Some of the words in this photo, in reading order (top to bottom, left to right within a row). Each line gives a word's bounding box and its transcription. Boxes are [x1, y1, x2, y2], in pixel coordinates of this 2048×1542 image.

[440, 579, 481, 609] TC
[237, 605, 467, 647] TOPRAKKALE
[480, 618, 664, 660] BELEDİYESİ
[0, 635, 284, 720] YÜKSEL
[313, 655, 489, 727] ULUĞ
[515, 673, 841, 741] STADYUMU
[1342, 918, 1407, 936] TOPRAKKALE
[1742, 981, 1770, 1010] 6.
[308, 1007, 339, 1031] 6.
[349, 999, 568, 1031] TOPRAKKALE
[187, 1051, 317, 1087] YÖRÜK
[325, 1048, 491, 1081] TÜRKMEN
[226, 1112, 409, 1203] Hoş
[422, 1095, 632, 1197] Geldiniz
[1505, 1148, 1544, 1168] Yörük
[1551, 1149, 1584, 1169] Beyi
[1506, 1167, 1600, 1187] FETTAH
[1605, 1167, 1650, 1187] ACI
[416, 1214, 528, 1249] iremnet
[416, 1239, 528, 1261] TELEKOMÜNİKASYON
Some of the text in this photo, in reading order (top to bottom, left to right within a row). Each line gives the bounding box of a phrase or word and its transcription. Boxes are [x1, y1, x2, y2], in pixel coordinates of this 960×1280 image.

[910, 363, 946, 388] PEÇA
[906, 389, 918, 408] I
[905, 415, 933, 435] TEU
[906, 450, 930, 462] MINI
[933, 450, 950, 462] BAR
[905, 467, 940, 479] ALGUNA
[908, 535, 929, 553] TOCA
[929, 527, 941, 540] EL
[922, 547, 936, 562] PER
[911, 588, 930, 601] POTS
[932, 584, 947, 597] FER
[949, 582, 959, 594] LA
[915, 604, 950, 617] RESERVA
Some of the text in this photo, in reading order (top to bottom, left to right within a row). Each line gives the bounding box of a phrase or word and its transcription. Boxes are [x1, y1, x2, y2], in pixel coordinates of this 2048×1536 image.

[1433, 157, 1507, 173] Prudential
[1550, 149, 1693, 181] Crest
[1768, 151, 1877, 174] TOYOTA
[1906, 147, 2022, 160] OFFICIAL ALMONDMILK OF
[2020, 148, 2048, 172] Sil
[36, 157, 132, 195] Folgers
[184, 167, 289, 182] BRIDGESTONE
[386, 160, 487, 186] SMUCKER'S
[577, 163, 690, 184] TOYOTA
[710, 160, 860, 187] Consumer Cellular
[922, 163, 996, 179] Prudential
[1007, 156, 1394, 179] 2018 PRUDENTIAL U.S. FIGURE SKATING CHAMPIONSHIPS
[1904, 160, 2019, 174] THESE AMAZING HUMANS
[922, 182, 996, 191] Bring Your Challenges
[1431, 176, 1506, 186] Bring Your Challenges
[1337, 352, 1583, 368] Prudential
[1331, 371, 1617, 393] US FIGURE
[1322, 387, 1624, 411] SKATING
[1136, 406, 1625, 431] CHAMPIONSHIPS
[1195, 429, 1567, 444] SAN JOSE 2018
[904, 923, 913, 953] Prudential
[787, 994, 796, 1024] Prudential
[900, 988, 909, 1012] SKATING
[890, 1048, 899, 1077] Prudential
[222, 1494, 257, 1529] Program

..........

→ WHAT IS REQUIRED
Starting at the line that contains "this 960×1280 image.", reproduce each line through the end of the records exactly, both ends included.

→ SOLUTION TO THIS PROBLEM
Some of the text in this photo, in reading order (top to bottom, left to right within a row). Each line gives the bounding box of a phrase or word and its transcription. Boxes are [x1, y1, x2, y2], in pixel coordinates of this 960×1280 image.

[910, 363, 946, 388] PEÇA
[906, 389, 918, 408] I
[905, 415, 933, 435] TEU
[906, 450, 930, 462] MINI
[933, 450, 950, 462] BAR
[905, 467, 940, 479] ALGUNA
[908, 535, 929, 553] TOCA
[929, 527, 941, 540] EL
[922, 547, 936, 562] PER
[911, 588, 930, 601] POTS
[932, 584, 947, 597] FER
[949, 582, 959, 594] LA
[915, 604, 950, 617] RESERVA
Some of the text in this photo, in reading order (top to bottom, left to right within a row). Each line gives the bounding box of a phrase or word and its transcription. Boxes are [x1, y1, x2, y2], in pixel coordinates of this 2048×1536 image.

[1433, 157, 1507, 173] Prudential
[1550, 149, 1693, 181] Crest
[1768, 151, 1877, 174] TOYOTA
[1906, 147, 2022, 160] OFFICIAL ALMONDMILK OF
[2020, 148, 2048, 172] Sil
[36, 157, 132, 195] Folgers
[184, 167, 289, 182] BRIDGESTONE
[386, 160, 487, 186] SMUCKER'S
[577, 163, 690, 184] TOYOTA
[710, 160, 860, 187] Consumer Cellular
[922, 163, 996, 179] Prudential
[1007, 156, 1394, 179] 2018 PRUDENTIAL U.S. FIGURE SKATING CHAMPIONSHIPS
[1904, 160, 2019, 174] THESE AMAZING HUMANS
[922, 182, 996, 191] Bring Your Challenges
[1431, 176, 1506, 186] Bring Your Challenges
[1337, 352, 1583, 368] Prudential
[1331, 371, 1617, 393] US FIGURE
[1322, 387, 1624, 411] SKATING
[1136, 406, 1625, 431] CHAMPIONSHIPS
[1195, 429, 1567, 444] SAN JOSE 2018
[904, 923, 913, 953] Prudential
[787, 994, 796, 1024] Prudential
[900, 988, 909, 1012] SKATING
[890, 1048, 899, 1077] Prudential
[222, 1494, 257, 1529] Program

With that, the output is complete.